Mensagem por Charlotte M. C. Reinhardt em Dom Dez 27, 2015 9:50 pm

Harvey vs. Elleanorah
Três tiros de canhão ressoavam pela a Arena.  Mais uma morte. Os tributos encararam a tela que aparecia. O hino de Panem começara a tocar, então exibiam as fotos dos tributos mortos: Do distrito 6, do distrito 8, e do distrito 12. Alguns tributos até poderiam ficar feliz, outros nem tanto, mas assim era a Arena. Morte os cercariam e apenas um sairia vitorioso. Aqueles tributos não tinham a dimensão total do tamanho do Caos que aquela Arena, que aqueles jogos seriam. Aquilo, tinha apenas começado e se fossem espertos, sobreviveriam. Como? Era a última coisa que precisavam pensar o que era preciso, era saber quem e como matar.  Os tributos agora iriam enfrentar muito mais que a fome, o frio, a sede, iriam conhecer a morte. Em áreas diferentes, 5 pares de tributos iriam se encontrar, lá, lutariam até a morte, onde alguém morreria, ou sairia ferido e seria deixado para morrer. Agora, eram os combates.  Logo, seriam forçados a matar, pois aquilo era vida ou morte. Correr ou morrer.

Depois do dia cansativo que tiveram, andando pelos locais, os tributos podiam fazer o que quisessem. Comer, beber, conversar, afiar armas, e assim seguiria o dia.  Numa área mais reservada da floresta, depois de acordarem surpresos, Gwen e Dimka exploraram o local, mas não acharam nada, e por fim, decidiram se separar.  Porém em outra área da floresta, o tributo do distrito doze andava com seu arco e flechas em mãos, sempre pronto para atacar. O tributo andou até certo ponto da floresta, onde viu uma figura feminina de cabelos negros. Era Elleanorah, a tributo do distrito 2. Quando a tributo se virou, estava pronta para agir, e uma voz robótica, que era pertencente a Charlotte, disse apenas. — Lutem ou fujam, mas se fugirem será pior! — A voz sumiu, e assim, os tributos se preparavam para lutar.

Instruções:
Os posts funcionarão na seguinte ordem: Ataque - Defesa e contra ataque - Defesa - Narrador. Leiam o Sistema de Lutas aqui para evitarem erros.

Narre como foi seu dia, as lutas ocorrem à noite. Podem rolar um dado para procurar comida/água, é opcional.
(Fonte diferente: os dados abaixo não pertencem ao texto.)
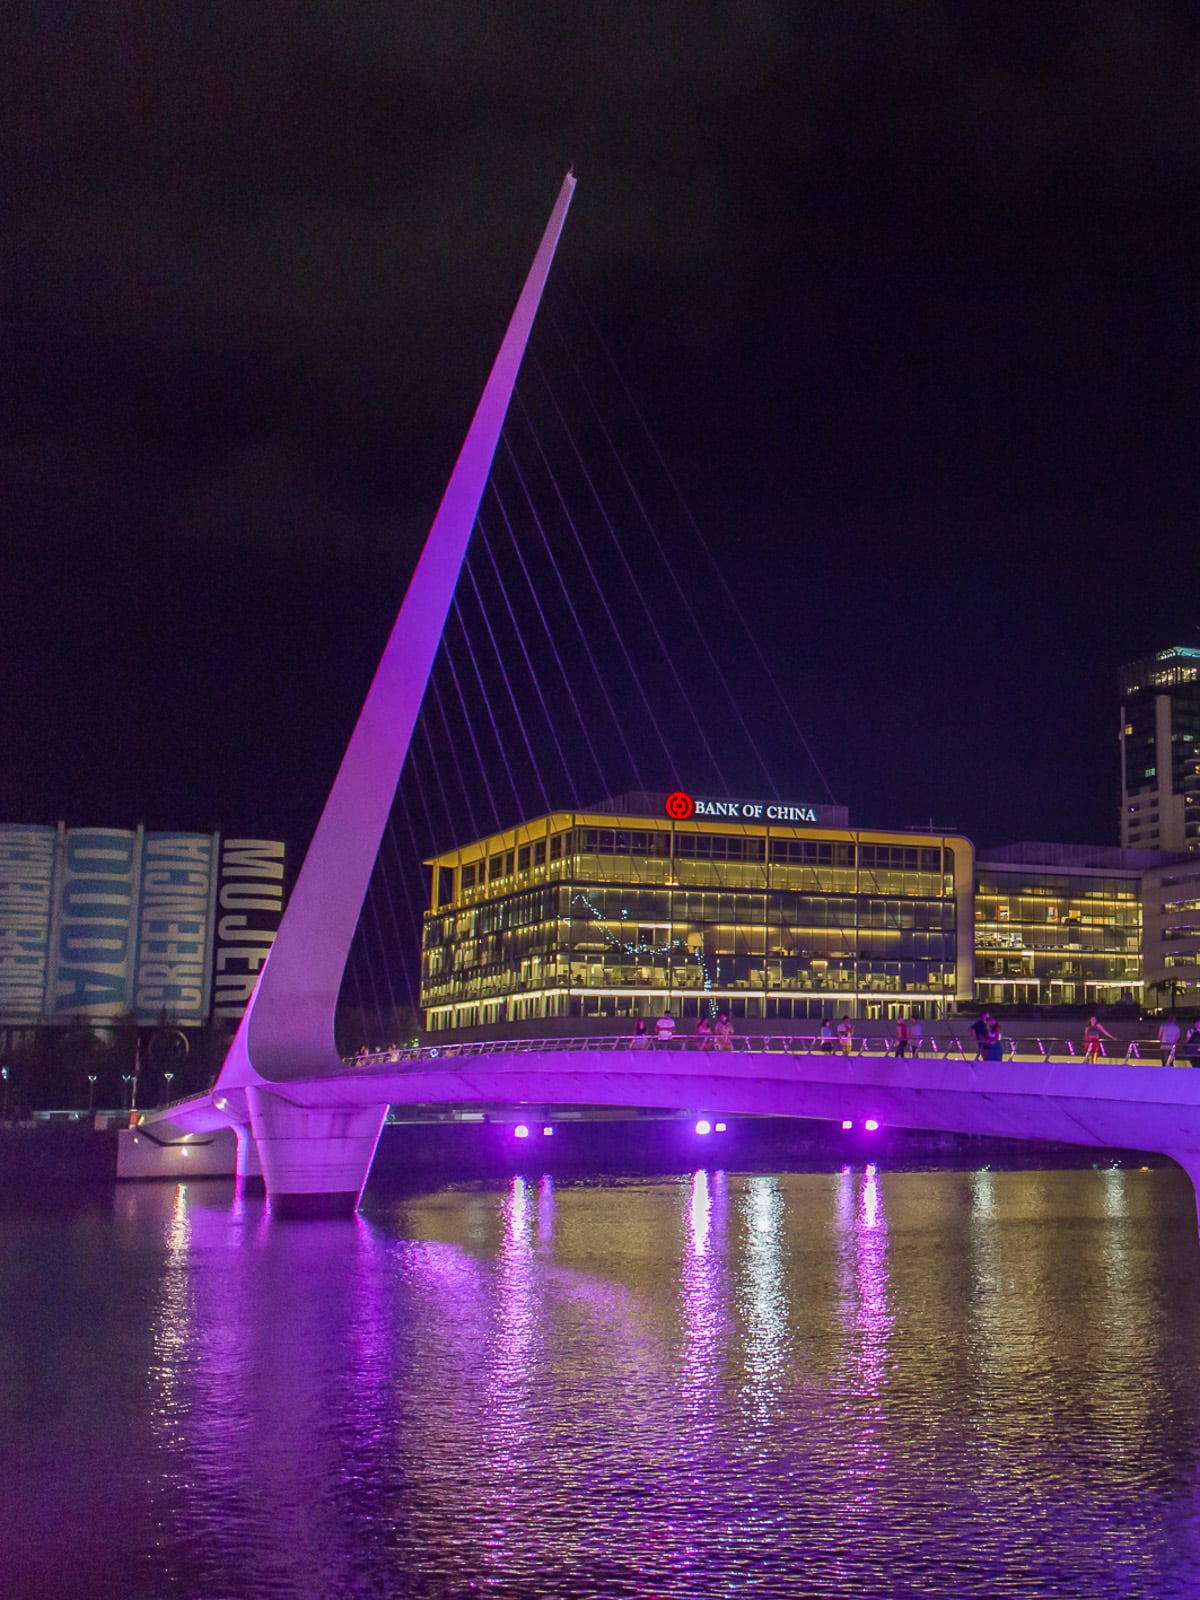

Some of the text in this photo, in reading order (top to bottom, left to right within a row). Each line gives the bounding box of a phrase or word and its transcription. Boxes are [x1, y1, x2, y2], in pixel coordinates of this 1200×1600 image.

[694, 801, 817, 822] BANK OF CHINA
[136, 838, 211, 1010] CREENCIA
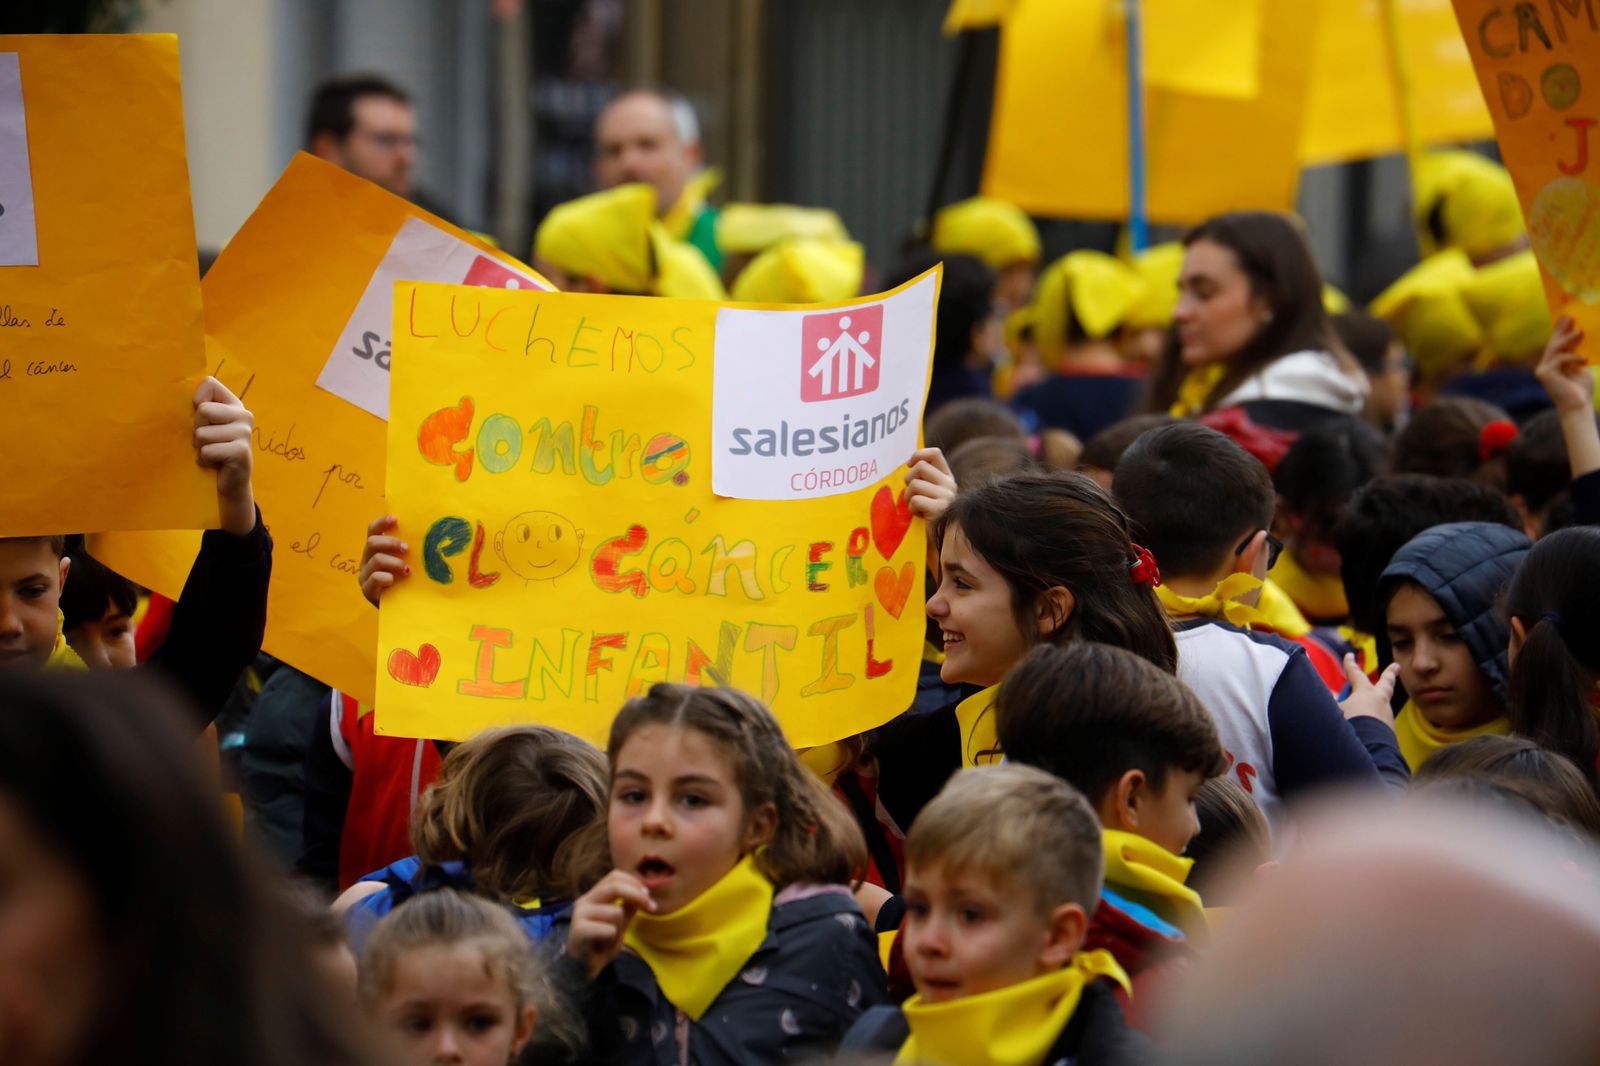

Também podem pedir algum item de patrocínio.

NÃO narrem que suas ações foram perfeitas ou ação do seu oponente, caso contrário a ação será desconsiderada e o responsável sofrerá algum tipo de dano externo. Qualquer tentativa de trapaça será desconsiderada e o jogador sofrerá danos externos. Interferências também serão ignoradas.
Os Tributos devem rolar três dados, um de ataque, um de defesa, e um de ações especiais, como tentativas de fuga. Como são apenas três que morrem, vai morrer quem tomar mais dano, ou se chegar no zero (HP). Os dois começam com 100 de HP.

A ordem de postagem é Harvey - Elleanorah - Harvey.
Tributos:
Distrito 2:
Nome: Elleanorah L. Campbell;
Pontos de Combate: 19,75;
Situação: Frio intenso.
Itens: Machado e cantil cheio (8 goles).
Pontos de patrocínio: 5 pontos.
Fome: 25%
Sede: 35%
Frio: 65%
Distrito 12:
Nome: Harvey S. Macht.
Pontos de combate: 18,375;
Pontos de Patrocínio: 15 pontos.
Situação: Intacto.
Itens: Arco e aljava com 8 flechas, cantil cheio (7 goles), caixa de fósforos (3 fósforos), saco com 4 peras.
Fome: 35%
Sede: 45%
Frio: 0%

Prazos: Primeira rodada até 30/12. Segunda rodada até 04/01. Terceira rodada até 06/01.
Créditos à JVBR



So, Can I Show You My Sweet Home, Hell?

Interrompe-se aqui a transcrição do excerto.